-- WORK TO BE COMPLETED --
Go through the records below and restate each one word for word.

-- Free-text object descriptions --

Content starts

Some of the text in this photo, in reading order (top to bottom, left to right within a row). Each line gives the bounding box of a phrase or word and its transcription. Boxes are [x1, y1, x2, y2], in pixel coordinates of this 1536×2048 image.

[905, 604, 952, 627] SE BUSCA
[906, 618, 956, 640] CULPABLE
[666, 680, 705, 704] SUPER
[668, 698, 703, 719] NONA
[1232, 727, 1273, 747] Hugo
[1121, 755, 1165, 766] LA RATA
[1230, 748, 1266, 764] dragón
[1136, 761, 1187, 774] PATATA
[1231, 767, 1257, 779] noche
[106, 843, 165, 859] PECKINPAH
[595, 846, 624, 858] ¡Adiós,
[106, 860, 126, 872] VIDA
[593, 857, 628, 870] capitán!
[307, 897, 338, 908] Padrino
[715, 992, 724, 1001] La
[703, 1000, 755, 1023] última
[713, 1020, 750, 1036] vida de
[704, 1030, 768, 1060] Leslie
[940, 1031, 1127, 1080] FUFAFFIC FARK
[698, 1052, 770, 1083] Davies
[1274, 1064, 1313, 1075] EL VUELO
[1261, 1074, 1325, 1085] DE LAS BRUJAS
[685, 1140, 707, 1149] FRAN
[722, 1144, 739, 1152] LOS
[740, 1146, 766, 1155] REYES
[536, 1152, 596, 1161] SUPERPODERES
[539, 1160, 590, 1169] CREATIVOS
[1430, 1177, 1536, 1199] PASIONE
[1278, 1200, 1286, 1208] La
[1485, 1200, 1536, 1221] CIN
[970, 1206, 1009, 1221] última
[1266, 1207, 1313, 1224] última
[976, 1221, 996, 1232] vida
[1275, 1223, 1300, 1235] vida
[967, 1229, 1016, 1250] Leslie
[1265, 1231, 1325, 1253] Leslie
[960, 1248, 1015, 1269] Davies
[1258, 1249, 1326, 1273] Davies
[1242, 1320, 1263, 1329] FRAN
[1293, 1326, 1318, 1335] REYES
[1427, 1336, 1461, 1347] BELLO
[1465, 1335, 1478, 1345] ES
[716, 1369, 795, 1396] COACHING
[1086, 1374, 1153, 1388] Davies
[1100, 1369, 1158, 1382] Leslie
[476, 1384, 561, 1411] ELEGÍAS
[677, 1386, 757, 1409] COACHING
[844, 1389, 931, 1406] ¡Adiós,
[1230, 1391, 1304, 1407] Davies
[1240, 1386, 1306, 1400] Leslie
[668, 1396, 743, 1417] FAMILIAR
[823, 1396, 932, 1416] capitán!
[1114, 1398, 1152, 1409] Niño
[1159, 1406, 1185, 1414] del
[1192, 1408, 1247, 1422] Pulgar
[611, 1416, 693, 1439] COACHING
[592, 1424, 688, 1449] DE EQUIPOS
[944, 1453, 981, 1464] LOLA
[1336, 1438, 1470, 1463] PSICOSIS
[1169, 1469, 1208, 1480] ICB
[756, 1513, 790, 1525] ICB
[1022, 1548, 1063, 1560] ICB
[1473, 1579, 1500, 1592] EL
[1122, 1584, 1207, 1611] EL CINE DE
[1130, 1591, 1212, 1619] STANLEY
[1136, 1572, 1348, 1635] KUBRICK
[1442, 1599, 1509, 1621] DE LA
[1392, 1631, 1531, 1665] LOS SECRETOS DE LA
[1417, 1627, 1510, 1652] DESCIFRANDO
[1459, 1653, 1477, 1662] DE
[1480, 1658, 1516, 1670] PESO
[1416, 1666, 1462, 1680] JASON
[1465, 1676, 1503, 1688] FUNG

Content ends

-- FINISHED TASK --
Some of the text in this photo, in reading order (top to bottom, left to right within a row). Each line gives the bounding box of a phrase or word and its transcription. Boxes are [x1, y1, x2, y2], in pixel coordinates of this 1536×2048 image.

[905, 604, 952, 627] SE BUSCA
[906, 618, 956, 640] CULPABLE
[666, 680, 705, 704] SUPER
[668, 698, 703, 719] NONA
[1232, 727, 1273, 747] Hugo
[1121, 755, 1165, 766] LA RATA
[1230, 748, 1266, 764] dragón
[1136, 761, 1187, 774] PATATA
[1231, 767, 1257, 779] noche
[106, 843, 165, 859] PECKINPAH
[595, 846, 624, 858] ¡Adiós,
[106, 860, 126, 872] VIDA
[593, 857, 628, 870] capitán!
[307, 897, 338, 908] Padrino
[715, 992, 724, 1001] La
[703, 1000, 755, 1023] última
[713, 1020, 750, 1036] vida de
[704, 1030, 768, 1060] Leslie
[940, 1031, 1127, 1080] FUFAFFIC FARK
[698, 1052, 770, 1083] Davies
[1274, 1064, 1313, 1075] EL VUELO
[1261, 1074, 1325, 1085] DE LAS BRUJAS
[685, 1140, 707, 1149] FRAN
[722, 1144, 739, 1152] LOS
[740, 1146, 766, 1155] REYES
[536, 1152, 596, 1161] SUPERPODERES
[539, 1160, 590, 1169] CREATIVOS
[1430, 1177, 1536, 1199] PASIONE
[1278, 1200, 1286, 1208] La
[1485, 1200, 1536, 1221] CIN
[970, 1206, 1009, 1221] última
[1266, 1207, 1313, 1224] última
[976, 1221, 996, 1232] vida
[1275, 1223, 1300, 1235] vida
[967, 1229, 1016, 1250] Leslie
[1265, 1231, 1325, 1253] Leslie
[960, 1248, 1015, 1269] Davies
[1258, 1249, 1326, 1273] Davies
[1242, 1320, 1263, 1329] FRAN
[1293, 1326, 1318, 1335] REYES
[1427, 1336, 1461, 1347] BELLO
[1465, 1335, 1478, 1345] ES
[716, 1369, 795, 1396] COACHING
[1086, 1374, 1153, 1388] Davies
[1100, 1369, 1158, 1382] Leslie
[476, 1384, 561, 1411] ELEGÍAS
[677, 1386, 757, 1409] COACHING
[844, 1389, 931, 1406] ¡Adiós,
[1230, 1391, 1304, 1407] Davies
[1240, 1386, 1306, 1400] Leslie
[668, 1396, 743, 1417] FAMILIAR
[823, 1396, 932, 1416] capitán!
[1114, 1398, 1152, 1409] Niño
[1159, 1406, 1185, 1414] del
[1192, 1408, 1247, 1422] Pulgar
[611, 1416, 693, 1439] COACHING
[592, 1424, 688, 1449] DE EQUIPOS
[944, 1453, 981, 1464] LOLA
[1336, 1438, 1470, 1463] PSICOSIS
[1169, 1469, 1208, 1480] ICB
[756, 1513, 790, 1525] ICB
[1022, 1548, 1063, 1560] ICB
[1473, 1579, 1500, 1592] EL
[1122, 1584, 1207, 1611] EL CINE DE
[1130, 1591, 1212, 1619] STANLEY
[1136, 1572, 1348, 1635] KUBRICK
[1442, 1599, 1509, 1621] DE LA
[1392, 1631, 1531, 1665] LOS SECRETOS DE LA
[1417, 1627, 1510, 1652] DESCIFRANDO
[1459, 1653, 1477, 1662] DE
[1480, 1658, 1516, 1670] PESO
[1416, 1666, 1462, 1680] JASON
[1465, 1676, 1503, 1688] FUNG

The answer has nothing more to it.